* What you are asked to do: Please give again, word for word, each line that falls between the line with "this 1280×1707 image." and the end of the data, inclusive.

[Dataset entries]

Start of Block

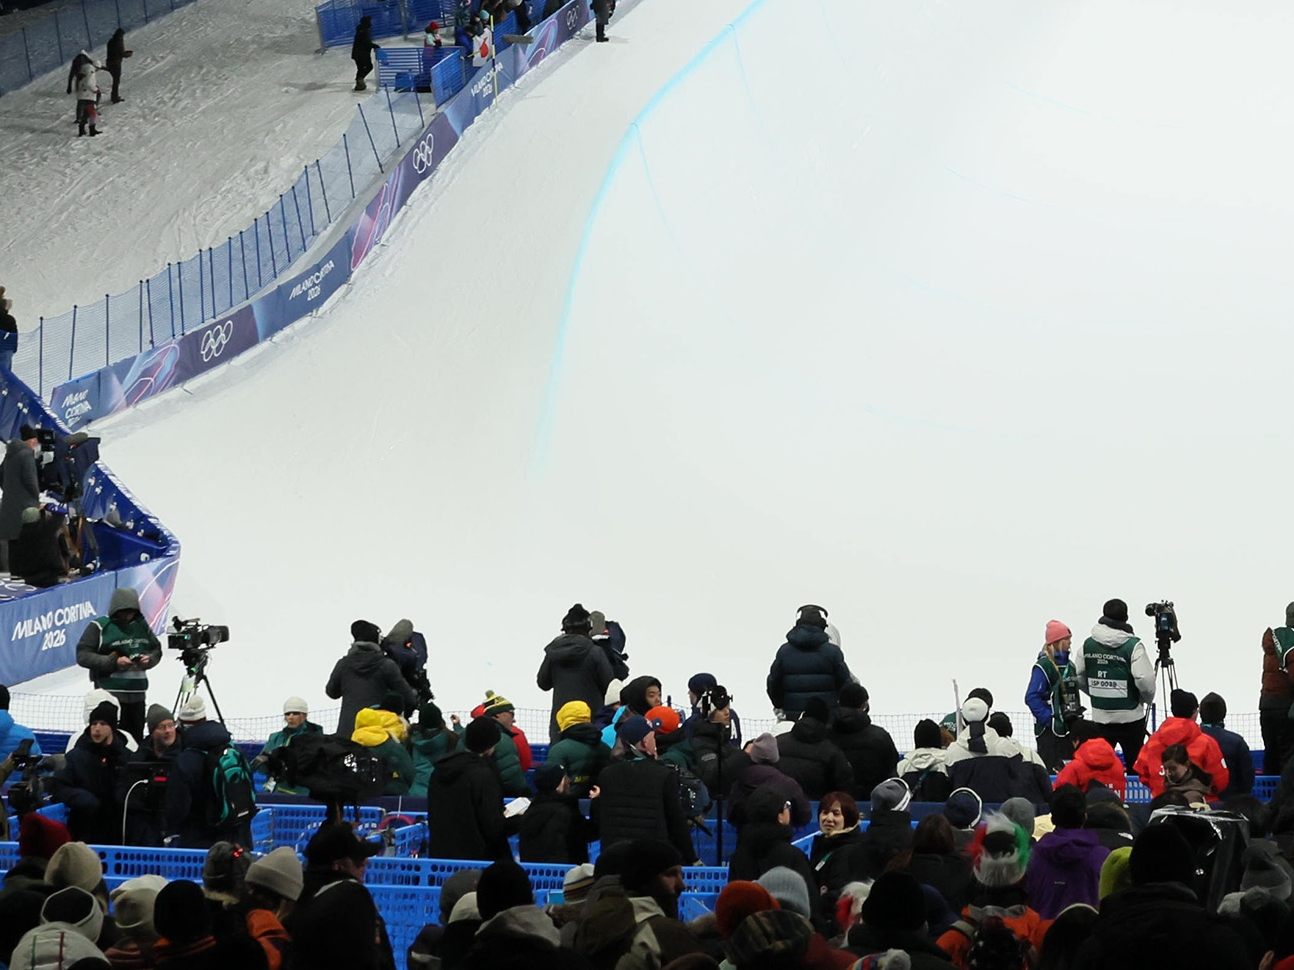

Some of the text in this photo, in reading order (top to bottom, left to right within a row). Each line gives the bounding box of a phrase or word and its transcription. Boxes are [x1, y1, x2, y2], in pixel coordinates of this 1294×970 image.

[11, 600, 97, 642] MILANO CORTINA
[42, 629, 66, 651] 2026
[1098, 670, 1107, 678] RT
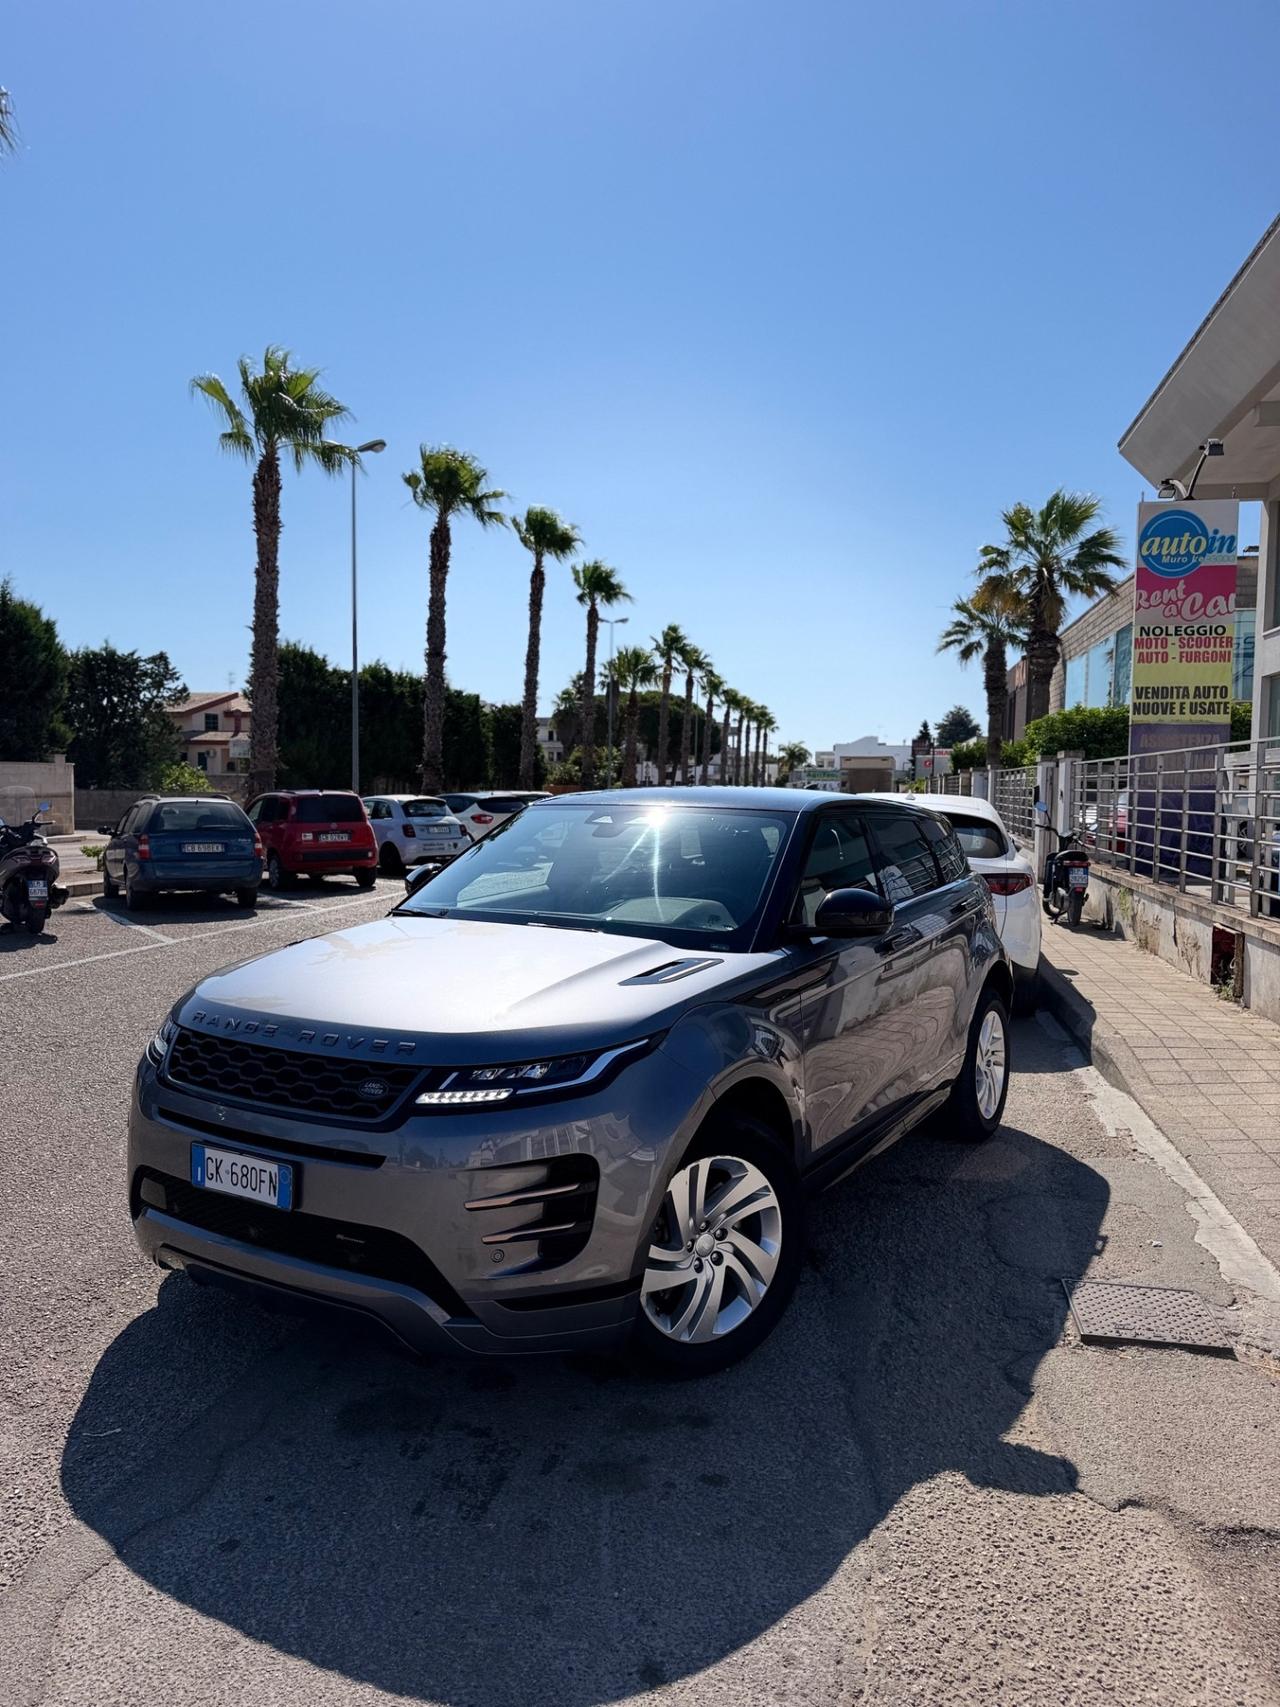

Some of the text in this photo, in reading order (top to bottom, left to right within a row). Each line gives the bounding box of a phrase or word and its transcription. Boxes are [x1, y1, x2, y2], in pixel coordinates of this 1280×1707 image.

[1161, 555, 1188, 563] Muro
[1135, 580, 1186, 609] Rent
[1140, 625, 1226, 637] NOLEGGIO
[1134, 637, 1168, 649] MOTO
[1178, 636, 1233, 649] SCOOTER
[1137, 651, 1169, 664] AUTO
[1179, 651, 1232, 663] FURGONI
[1135, 685, 1228, 699] VENDITA AUTO
[1133, 701, 1230, 715] NUOVE E USATE
[192, 1010, 417, 1056] RANGE ROVER
[205, 1156, 223, 1185] GK
[230, 1161, 278, 1199] 680FN

End of Block

* Your solution:
Some of the text in this photo, in reading order (top to bottom, left to right within a row). Each line gives the bounding box of a phrase or word and its transcription. Boxes are [x1, y1, x2, y2], in pixel coordinates of this 1280×1707 image.

[1161, 555, 1188, 563] Muro
[1135, 580, 1186, 609] Rent
[1140, 625, 1226, 637] NOLEGGIO
[1134, 637, 1168, 649] MOTO
[1178, 636, 1233, 649] SCOOTER
[1137, 651, 1169, 664] AUTO
[1179, 651, 1232, 663] FURGONI
[1135, 685, 1228, 699] VENDITA AUTO
[1133, 701, 1230, 715] NUOVE E USATE
[192, 1010, 417, 1056] RANGE ROVER
[205, 1156, 223, 1185] GK
[230, 1161, 278, 1199] 680FN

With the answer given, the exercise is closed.